The contours of Trump's long-mooted plan remain utterly indistinct — even senior Israeli officials admitted to not knowing much about it. All signs point to an active disinterest in the two-state solution from both Netanyahu and the Trump administration. This may not be a problem for Netanyahu domestically, where the Israeli electorate has moved rightward and has few qualms with the status quo. But it's harmful in the long run to American Jewish support for Israel.
This year, the Pew Research Center published a new poll that showed partisan splits between Republicans and Democrats over Israel — as well as Netanyahu himself — at their highest level in nearly four decades. That is certainly exacerbated by the Israeli leader's enthusiastic support for Trump, a profoundly polarizing figure in the United States. But there are other issues at work, including ultra-Orthodox resistance to public pluralism in Israel and Netanyahu's widely decried plan to deport thousands of African asylum seekers.
Above all there's the matter of what to do about the ongoing military occupation of the Palestinian territories. At a meeting on the sidelines of the AIPAC conference, influential ministers in Netanyahu's cabinet made it clear they have no interest in an independent Palestinian state — and they expect their interlocutors in the West to eventually live with that reality.

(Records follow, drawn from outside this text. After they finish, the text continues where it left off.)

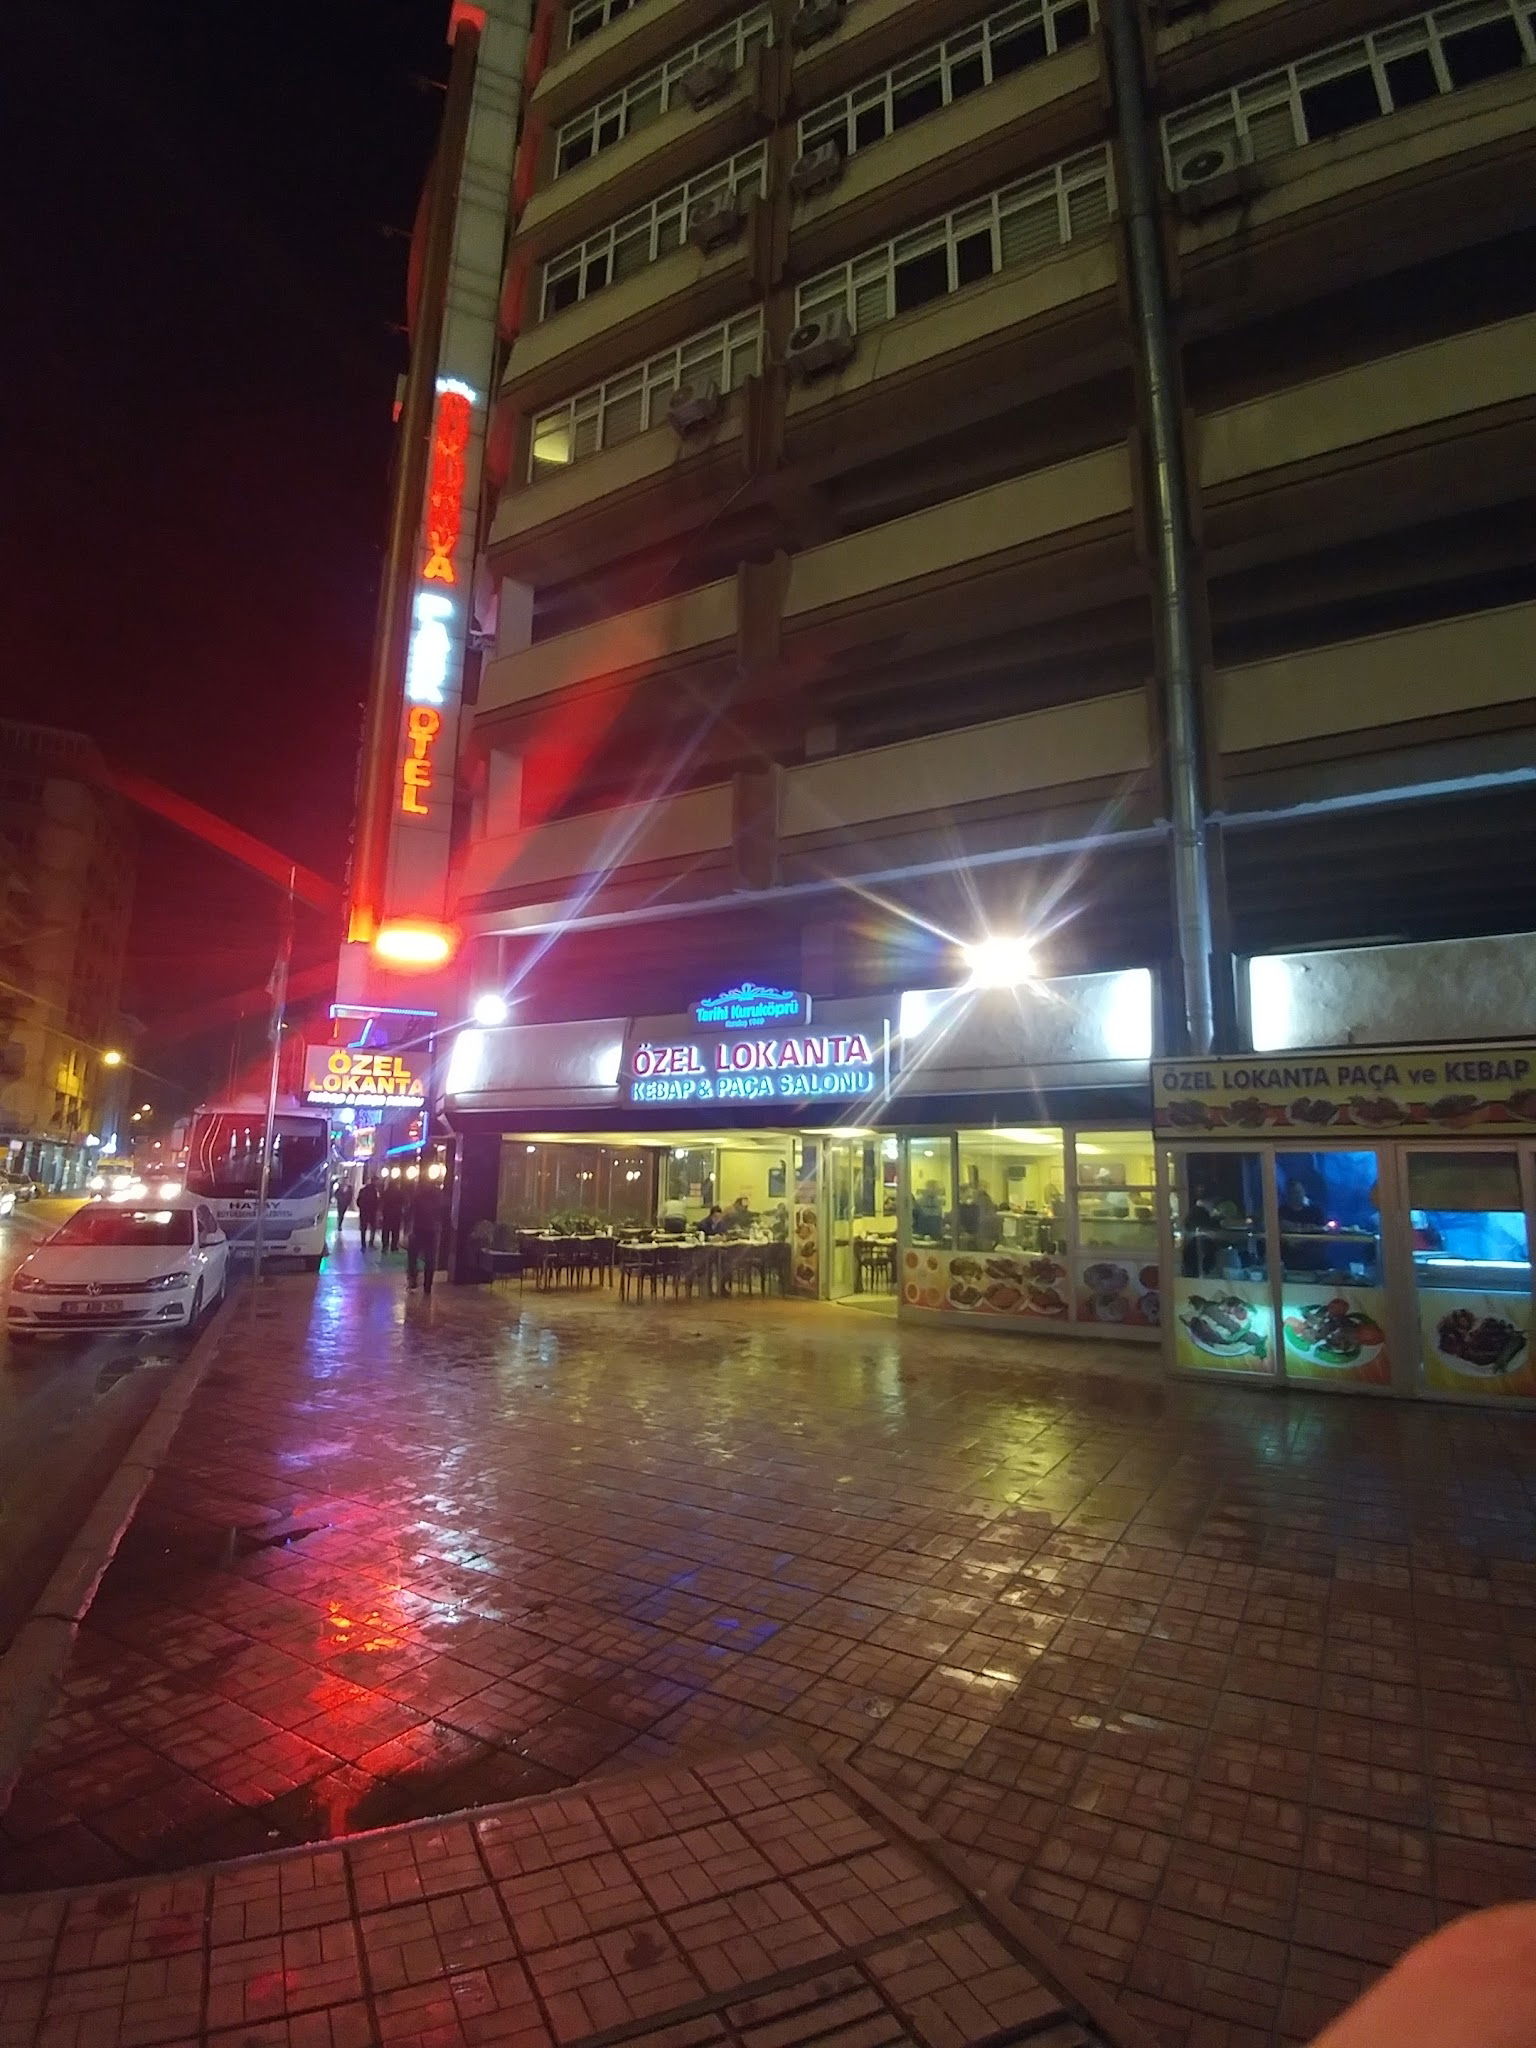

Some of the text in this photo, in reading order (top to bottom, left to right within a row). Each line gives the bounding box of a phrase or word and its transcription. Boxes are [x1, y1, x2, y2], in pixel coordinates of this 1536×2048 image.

[402, 706, 440, 816] OTEL
[696, 1000, 799, 1022] Tarihi Kuruköprü
[327, 1050, 411, 1078] ÖZEL
[632, 1034, 873, 1076] ÖZEL LOKANTA
[309, 1074, 424, 1095] LOKANTA
[633, 1071, 874, 1100] KEBAP & PAÇA SALONU
[1162, 1059, 1530, 1091] ÖZEL LOKANTA PAÇA ve KEBAP

The partisan divide in Middle East sympathies, for Israel or the Palestinians, is now wider than at any point since 1978 https://t.co/8tjp5c5W65 pic.twitter.com/K6FJVDZGc3
— Pew Research Center (@pewresearch) January 23, 2018
Naftali Bennett, a champion of Israeli settlers and a potential rival on Netanyahu's right, insisted neither the settlements nor control over large sections of the West Bank would be relinquished. “It’s never pleasant two weeks after,” Bennett said, according to one account, gesturing to how the West no longer challenges Israel’s occupation of the Golan Heights, “but after two months it fades away, and 20 years later and 40 years later it’s still ours. Forever.”
Such rhetoric infuriates not only Palestinians but left-leaning American Jews. “At a time when an ever greater number of Israeli experts have made clear that the absence of a viable diplomatic horizon for the Palestinians threatens Israel’s future, Netanyahu once again refused to back a two-state solution,” Jeremy Ben-Ami, the president of J Street, a liberal Jewish American advocacy organization, said in an emailed statement. “Netanyahu’s refusal to back a two-state solution, policies of creeping annexation and support for settlement expansion are leading his country towards a one-state nightmare.”
But Netanyahu has other problems on his mind. “The prime minister did everything to show himself not merely inspiring and commanding, but irreplaceable,” Horovitz of the Times of Israel wrote. “But it’s not AIPAC that will determine his fate. As things stand, it’s not Israeli voters either. It’s Israel’s law enforcement authorities.”